» **REQUIRED WORK**
Each entry below should be output exactly, apart from its images.

» **ENTRIES PROVIDED**
· · · ·
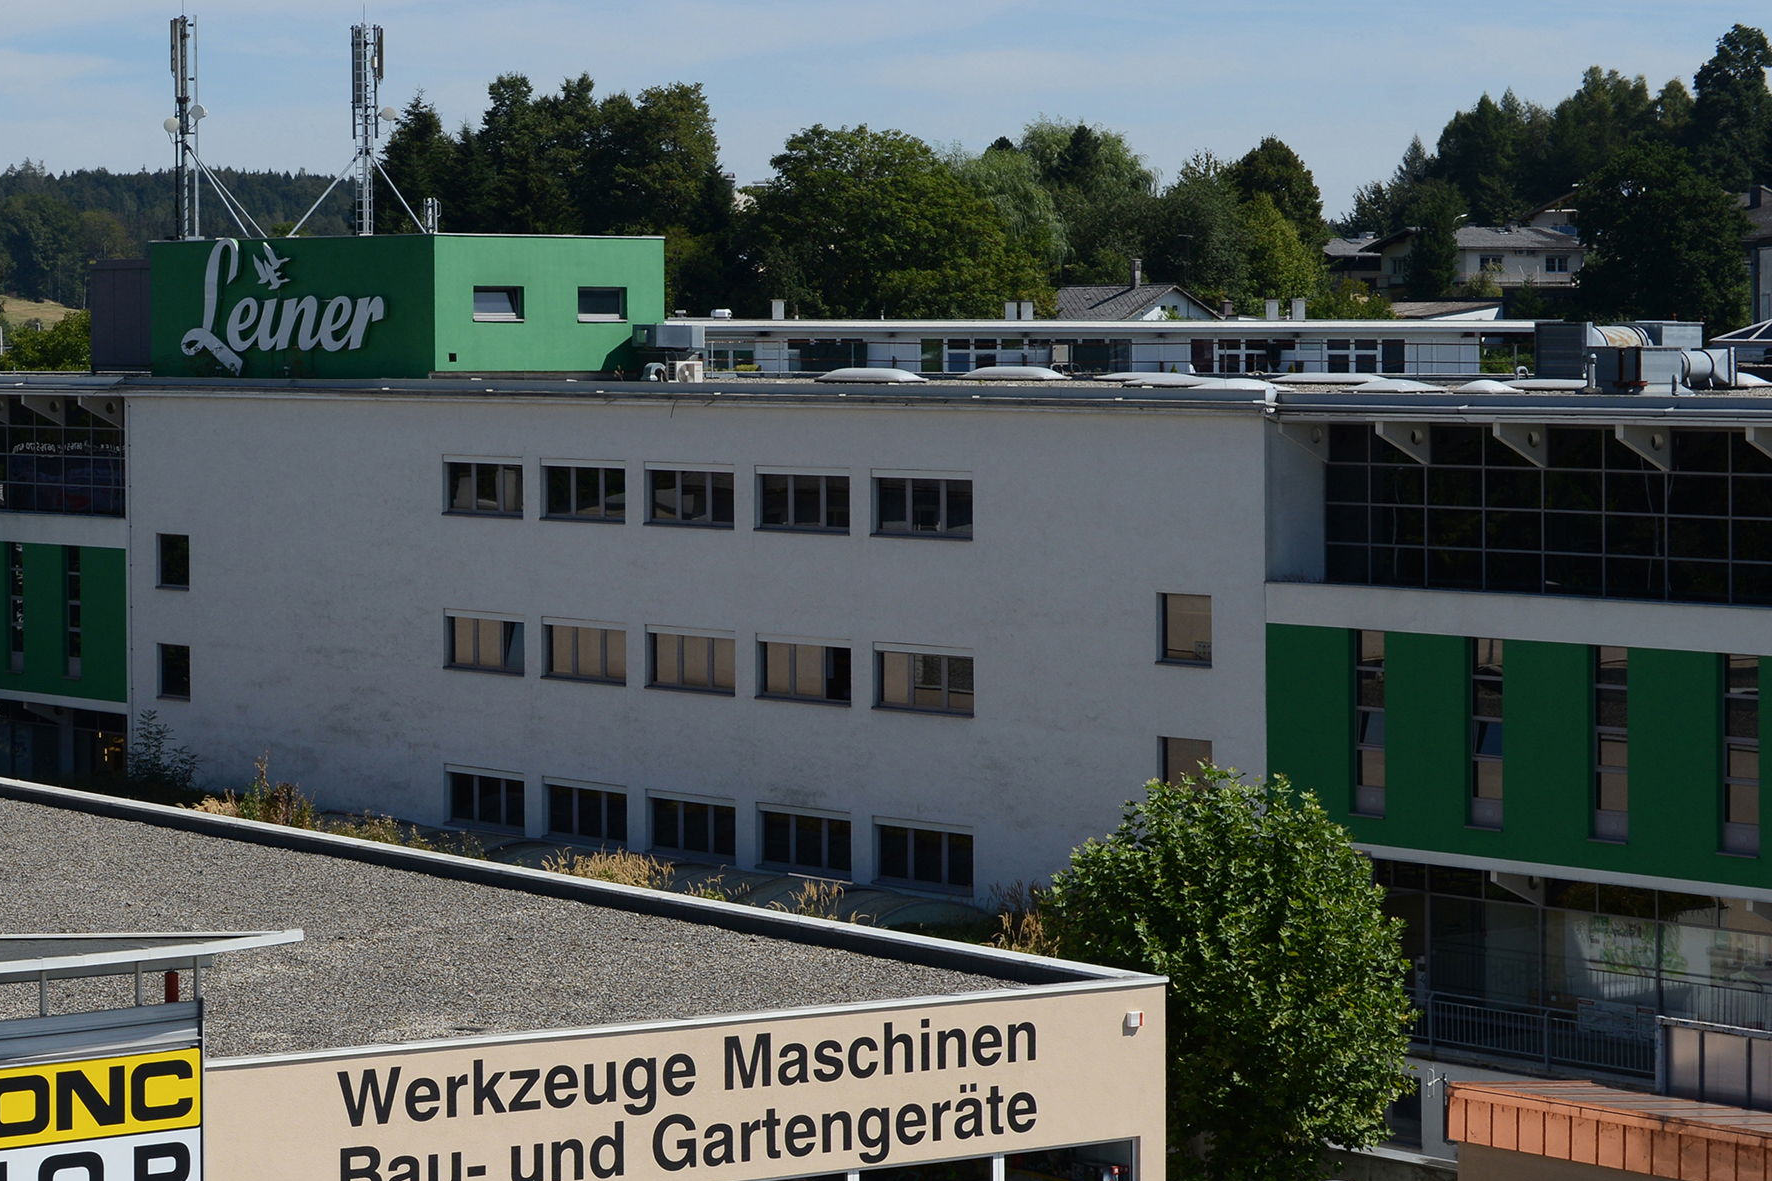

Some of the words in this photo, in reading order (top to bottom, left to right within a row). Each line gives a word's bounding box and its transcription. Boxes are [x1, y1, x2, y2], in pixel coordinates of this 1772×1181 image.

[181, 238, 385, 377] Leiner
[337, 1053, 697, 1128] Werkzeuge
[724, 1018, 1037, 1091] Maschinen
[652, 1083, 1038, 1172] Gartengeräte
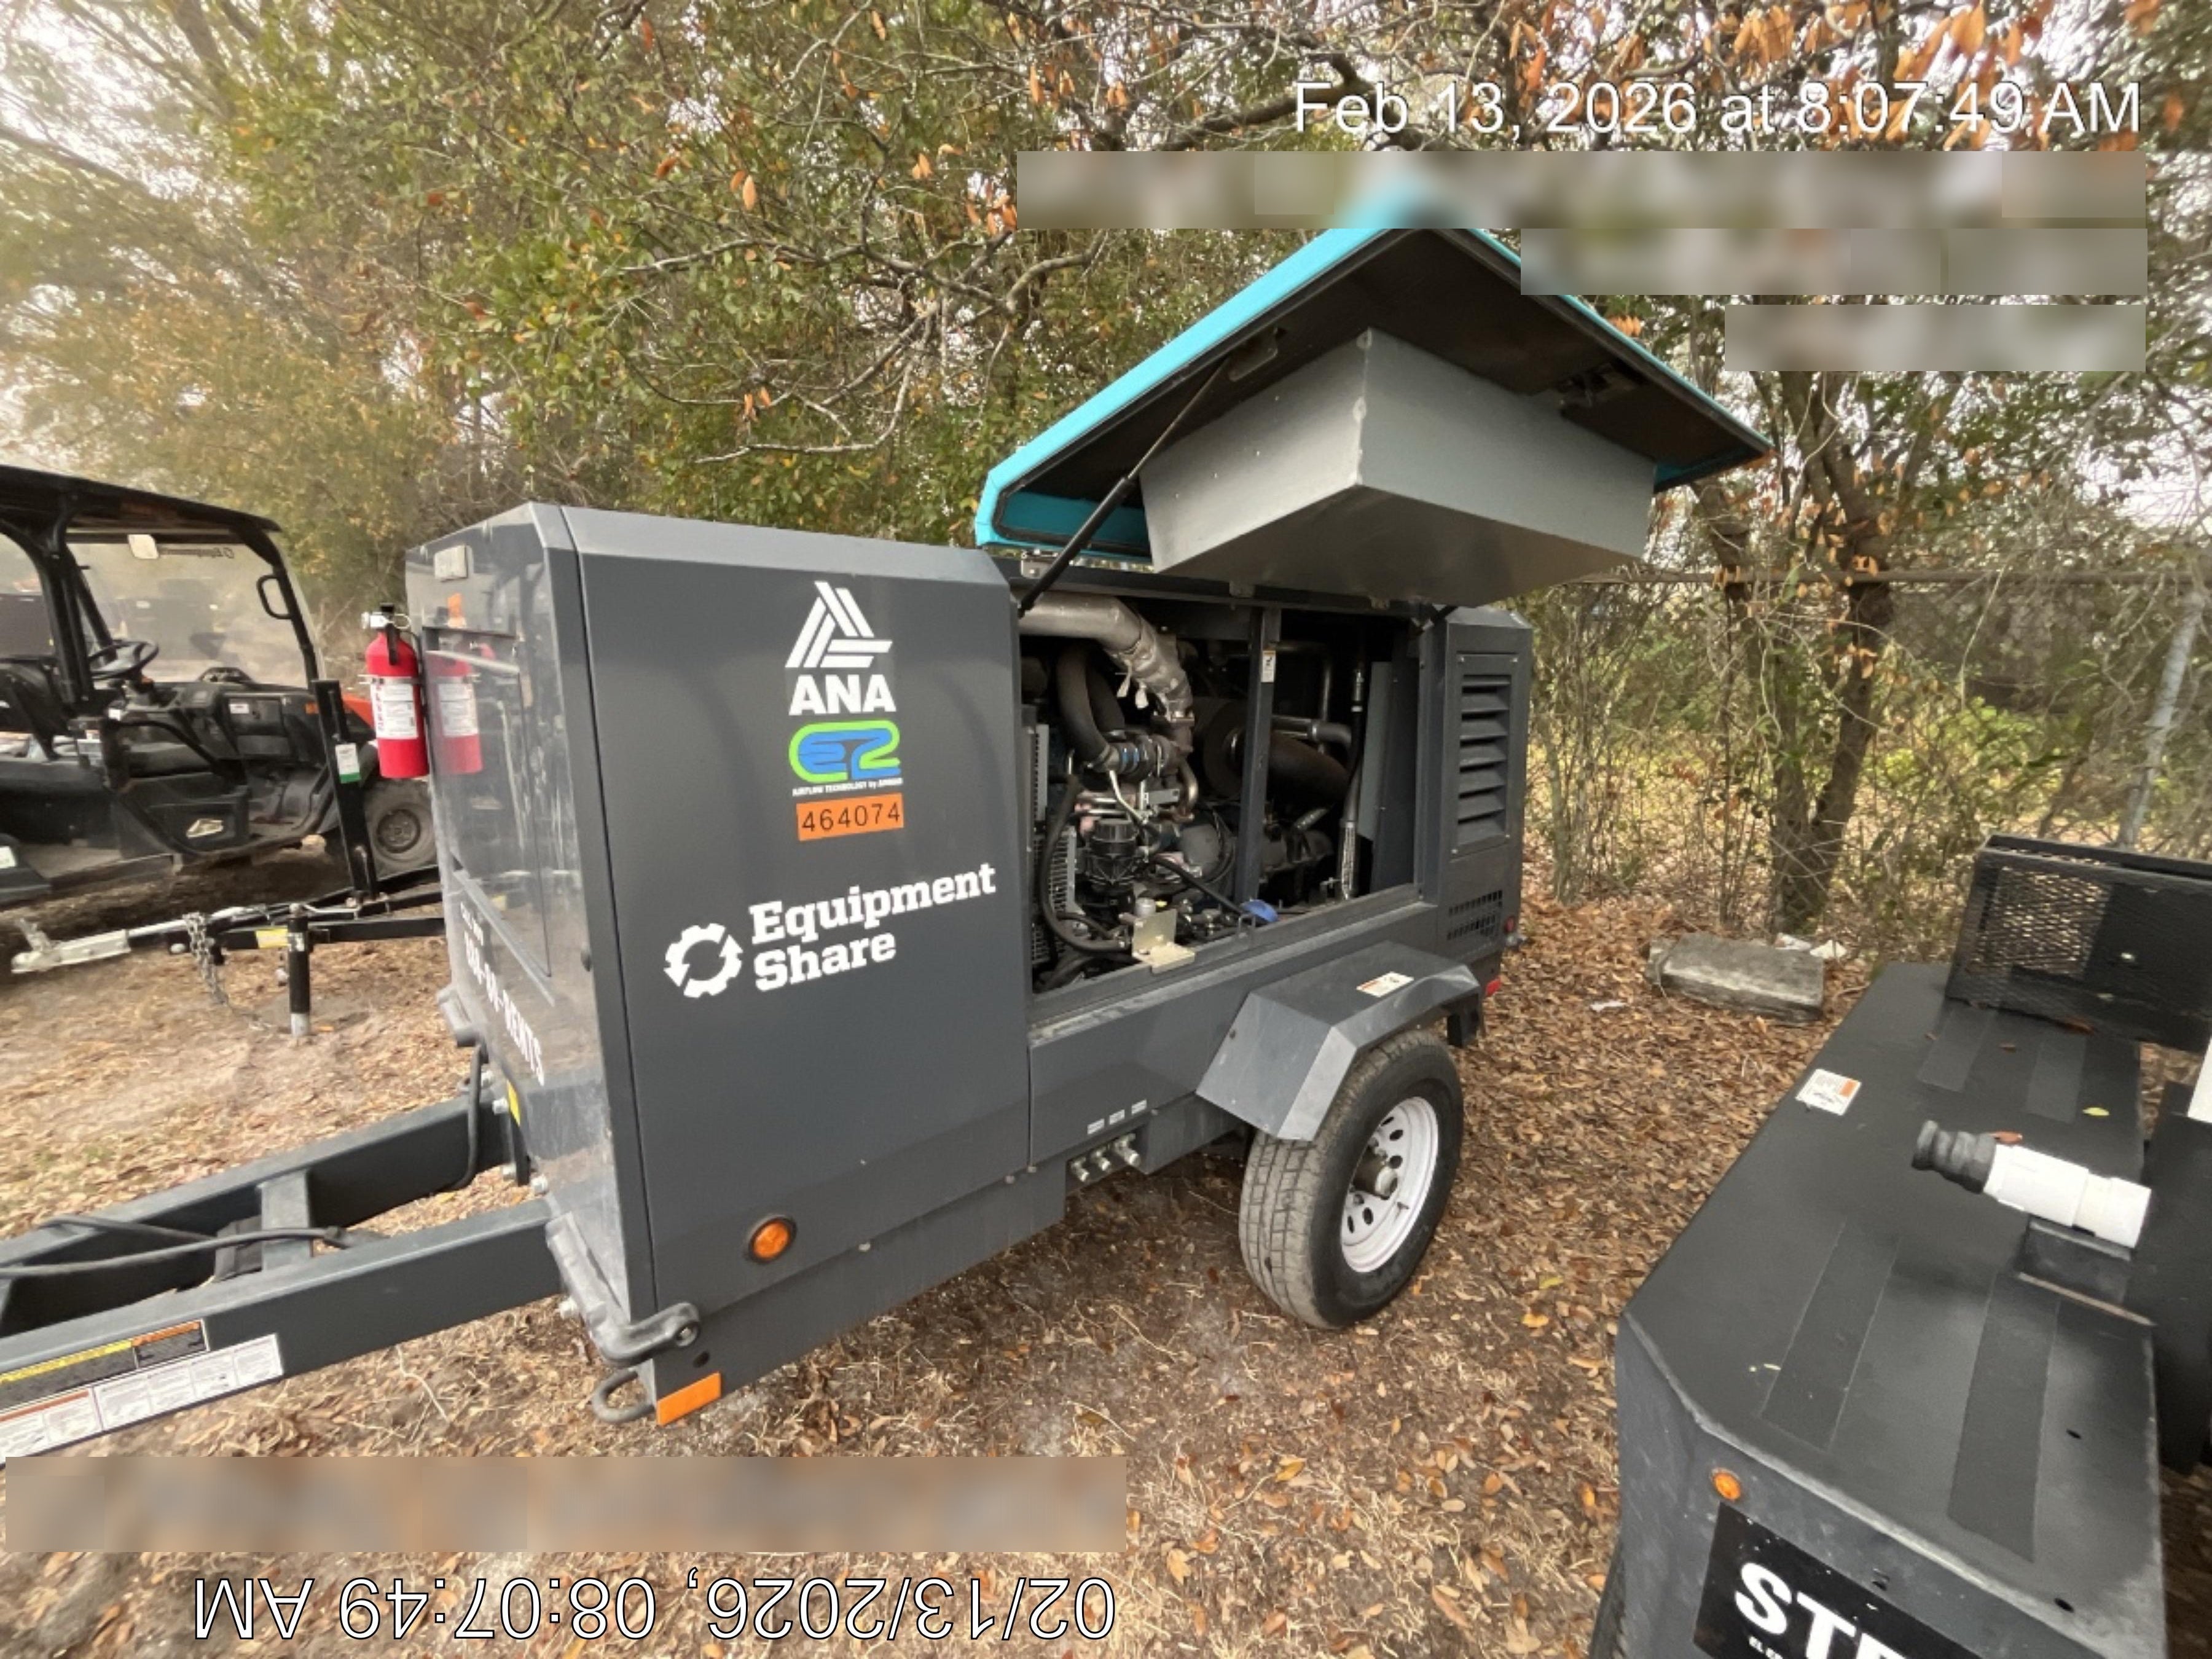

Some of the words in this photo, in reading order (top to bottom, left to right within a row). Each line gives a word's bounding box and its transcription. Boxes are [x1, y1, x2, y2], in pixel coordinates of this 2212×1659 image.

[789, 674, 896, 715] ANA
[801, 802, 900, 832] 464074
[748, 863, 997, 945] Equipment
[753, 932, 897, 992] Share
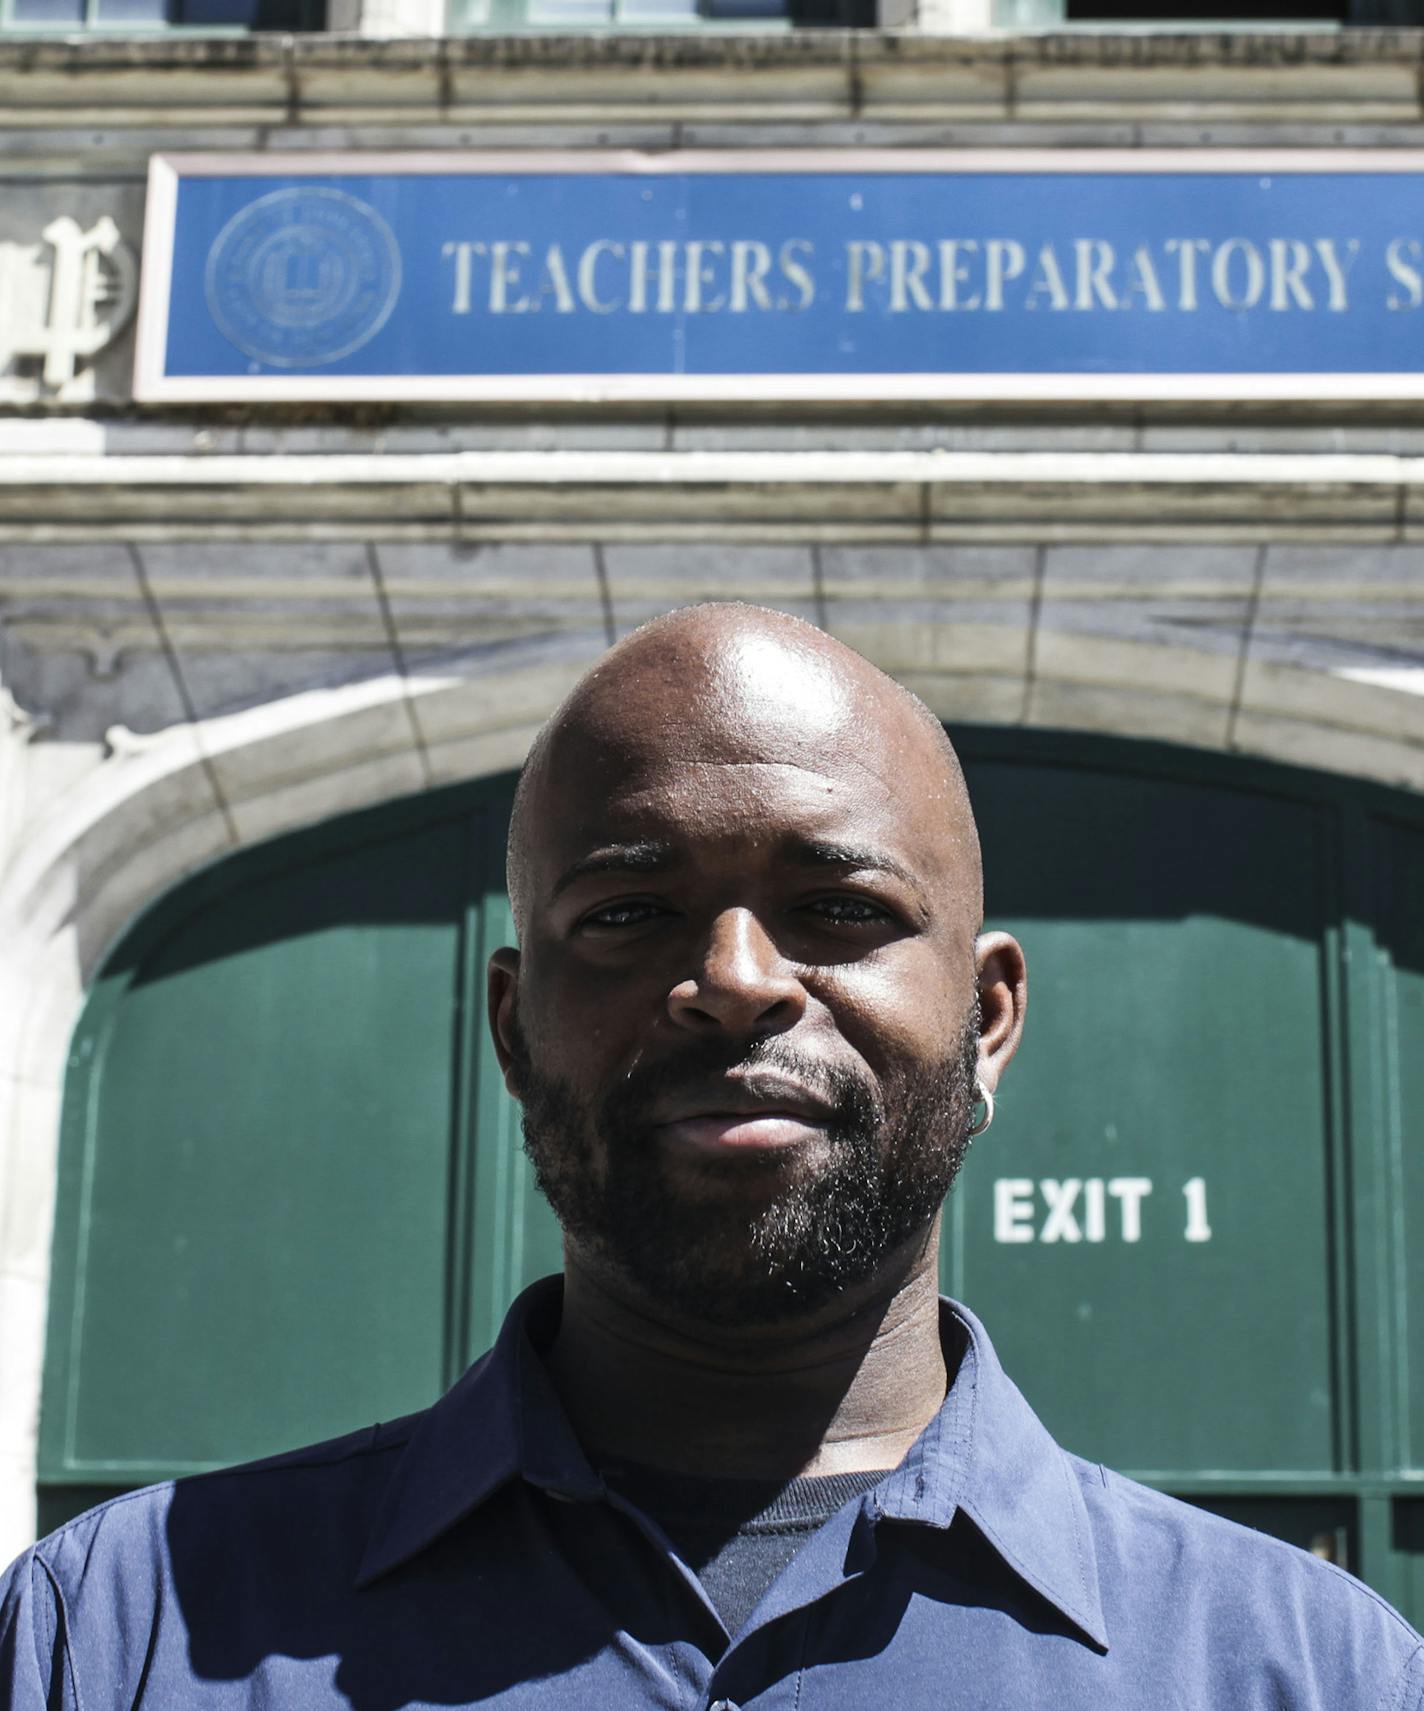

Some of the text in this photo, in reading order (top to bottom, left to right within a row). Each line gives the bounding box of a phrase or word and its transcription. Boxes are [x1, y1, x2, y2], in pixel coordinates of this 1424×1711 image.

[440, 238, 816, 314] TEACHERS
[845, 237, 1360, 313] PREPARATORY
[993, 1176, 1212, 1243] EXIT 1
· · · ·
» **COMPLETED TASK**
Some of the words in this photo, in reading order (top to bottom, left to right within a row). Each line gives a word's bounding box and its transcription. Boxes are [x1, y1, x2, y2], in pixel coordinates of this 1772×1181 image.

[181, 238, 385, 377] Leiner
[337, 1053, 697, 1128] Werkzeuge
[724, 1018, 1037, 1091] Maschinen
[652, 1083, 1038, 1172] Gartengeräte

Some of the words in this photo, in reading order (top to bottom, left to right within a row). Each line gives a word's bounding box and its transcription. Boxes are [x1, y1, x2, y2], in pixel coordinates of this 2212×1659 image.

[789, 674, 896, 715] ANA
[801, 802, 900, 832] 464074
[748, 863, 997, 945] Equipment
[753, 932, 897, 992] Share

Some of the text in this photo, in reading order (top to bottom, left to right within a row). Each line gives the bounding box of a phrase or word and its transcription. Boxes are [x1, y1, x2, y2], in pixel coordinates of this 1424×1711 image.

[440, 238, 816, 314] TEACHERS
[845, 237, 1360, 313] PREPARATORY
[993, 1176, 1212, 1243] EXIT 1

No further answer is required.